The flash of it is a flash of fire,
a flame of Yahweh himself.
7 Love no flood can quench,
no torrents drown.
Were a man to offer all the wealth of his house to buy love,
contempt is all he would purchase.
This passage is brimming with theological meaning. In Canaanite religion “Death” (Mot) is the force that the pagan god Baal fought against. Sheol is the place inhabited by spirits entrapped by death. And the twice appearing word “flash” could have been capitalized too as “Flash,” because it is Resep, the name of the Canaanite god of pestilence (per Jenson). The Old Testament treats Yahweh as the one who delivers, not just from the torrential flood of the Red Sea, but from cosmic watery chaos (Psalm 93:3-4; Habakkuk 3:8,15). And in the biblical world, money isn’t just money, it is Mammon, the worship of which is idolatry.

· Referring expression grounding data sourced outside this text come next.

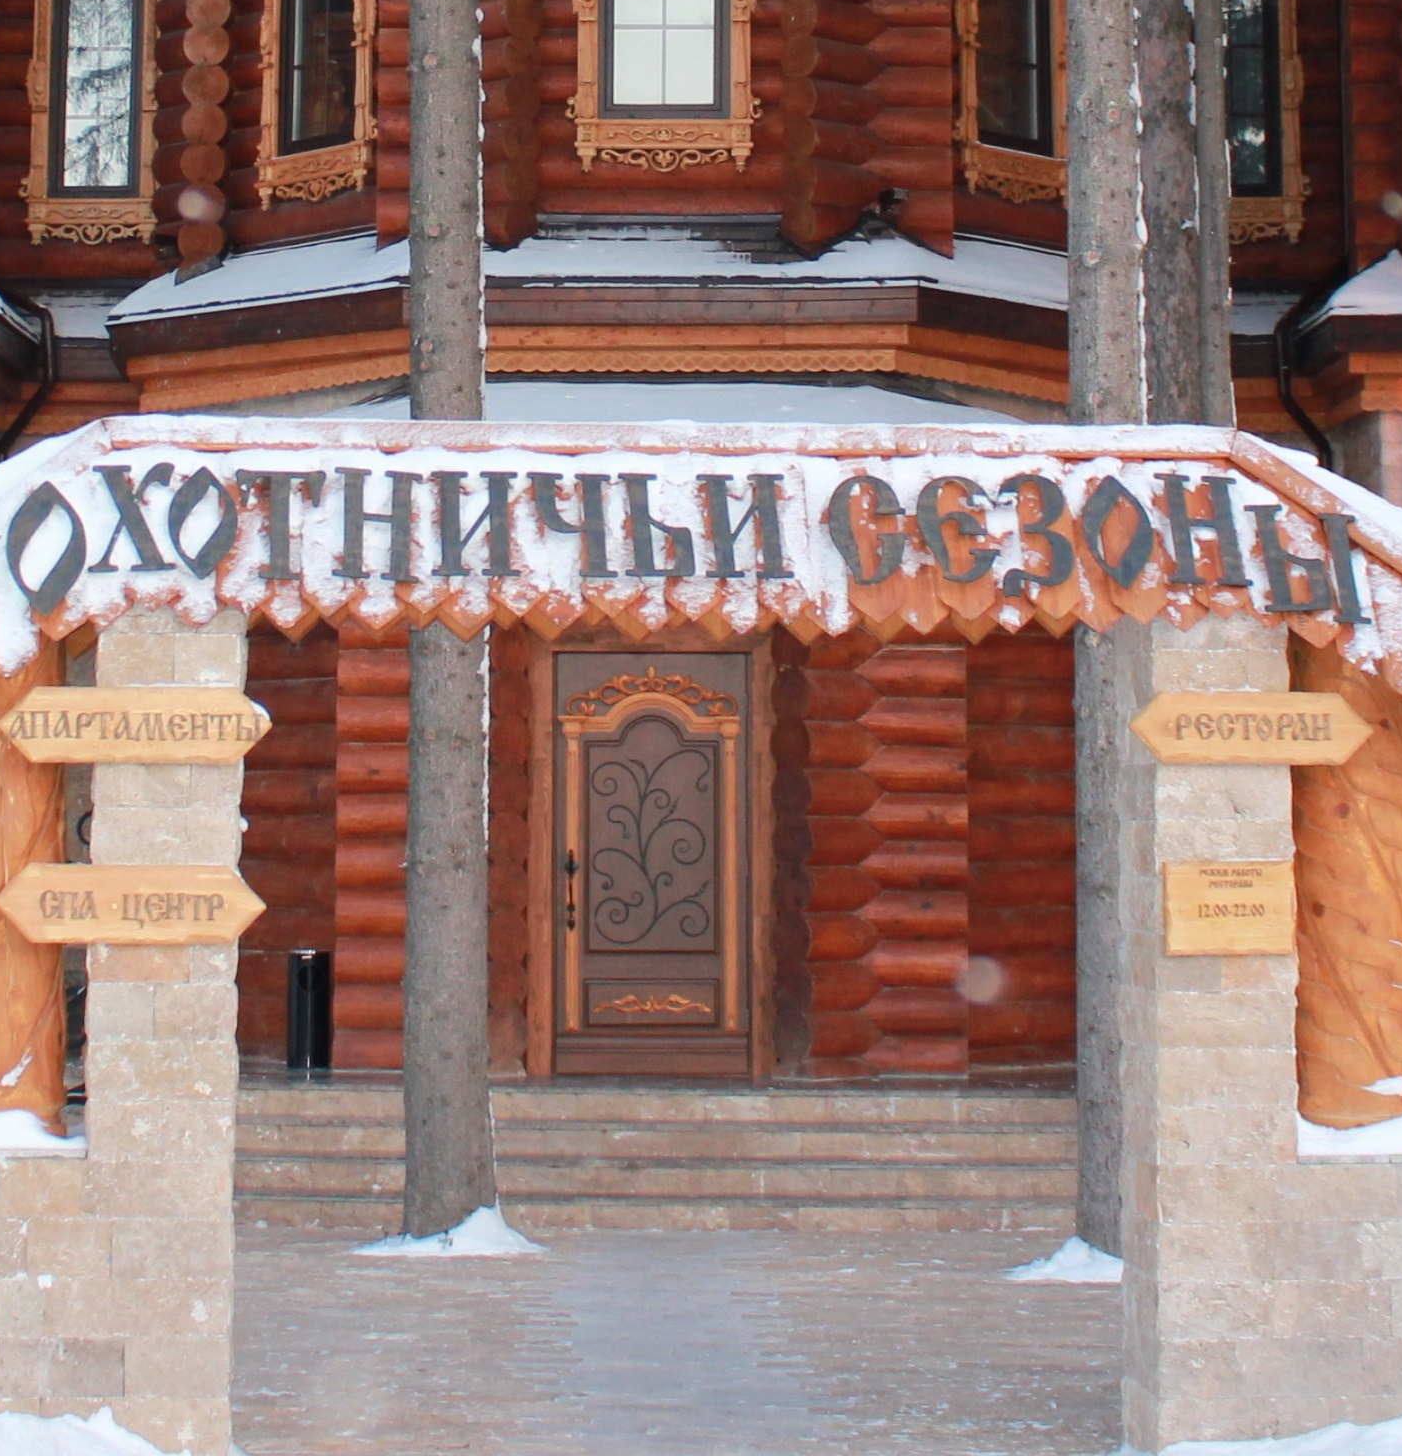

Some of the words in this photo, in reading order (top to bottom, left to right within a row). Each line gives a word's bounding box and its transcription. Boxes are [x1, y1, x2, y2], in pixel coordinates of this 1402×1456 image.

[6, 461, 796, 616] ОХОТНИЧЬИ
[827, 473, 1373, 625] СЕЗОНЫ
[9, 709, 264, 742] АПАРТАМЕНТЫ
[1175, 712, 1333, 742] РЕСТОРАН
[39, 889, 99, 920] СПА
[121, 892, 225, 929] ЦЕНТР
[1198, 903, 1266, 918] 12.00-22.00
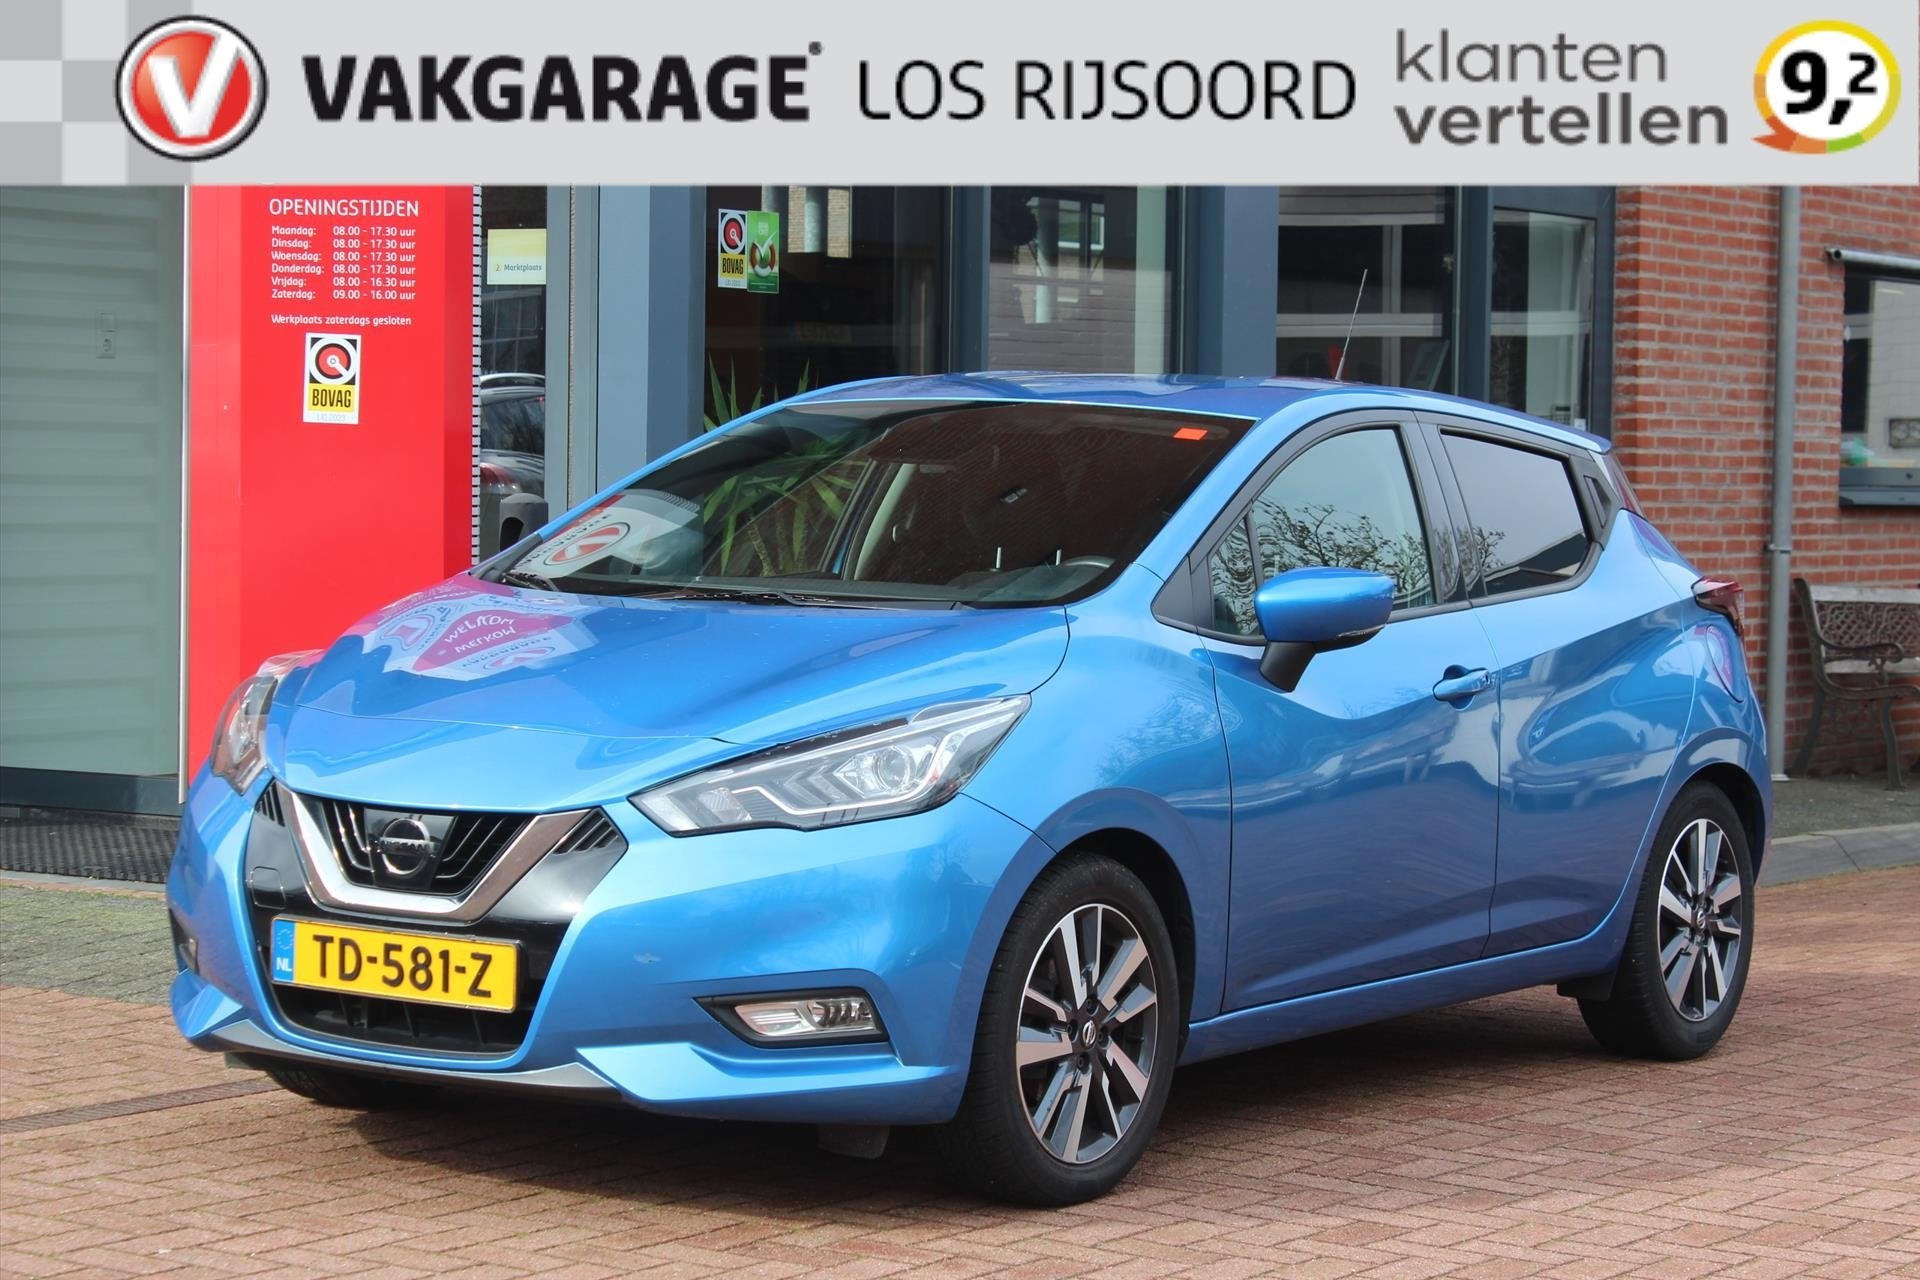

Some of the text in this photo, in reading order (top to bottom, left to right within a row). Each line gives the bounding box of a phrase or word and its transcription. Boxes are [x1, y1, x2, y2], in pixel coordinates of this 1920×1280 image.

Intriguingly, the last phrase of verse six includes the single mention of God—and that, by his personal name—in the entire Song: more precisely, “a flame of Yah.” It’s mystifying to me that most translations bury the reference to Yahweh. The verse invokes as guarantor of love’s strength the God who has revealed himself in Exodus 3 as Deliverer (“I AM THAT I AM,” from which “Yahweh” derives), who loves his people for no other reason than that “love” is who he is (Exodus 34; Deuteronomy 7), whose name is “Jealous” (Exodus 34:14), and who therefore is “a consuming fire” (Deuteronomy 4:24; Hebrews 12:29). The God of the Bible is a consuming fire that comes against all that would destroy the creation he loves, and above all, the humans he has lovingly fashioned to bear his image and to steward and tend his creation.
There is, therefore, a place where love proved strong as Death: the Cross and Empty Tomb of Jesus Christ. It is in Jesus (whose name means “Yahweh saves”) that Yahweh takes on and defeats the enemies of his people: death, disease, chaos, and cupidity. Jesus is God’s jealously protective love. It is to him that the Song of Songs elegantly, exquisitely, and evocatively points.
And that, to offer one final point, is why it is so important to choose not to be among the citizens of Babylon who drink “the wine cup of the fury of his wrath” (Revelation 16:19), but, instead, to be a part of the Bride of Christ and to prepare to “feast in the kingdom of God” (Luke 13:29 Jerusalem Bible). May you choose wisely.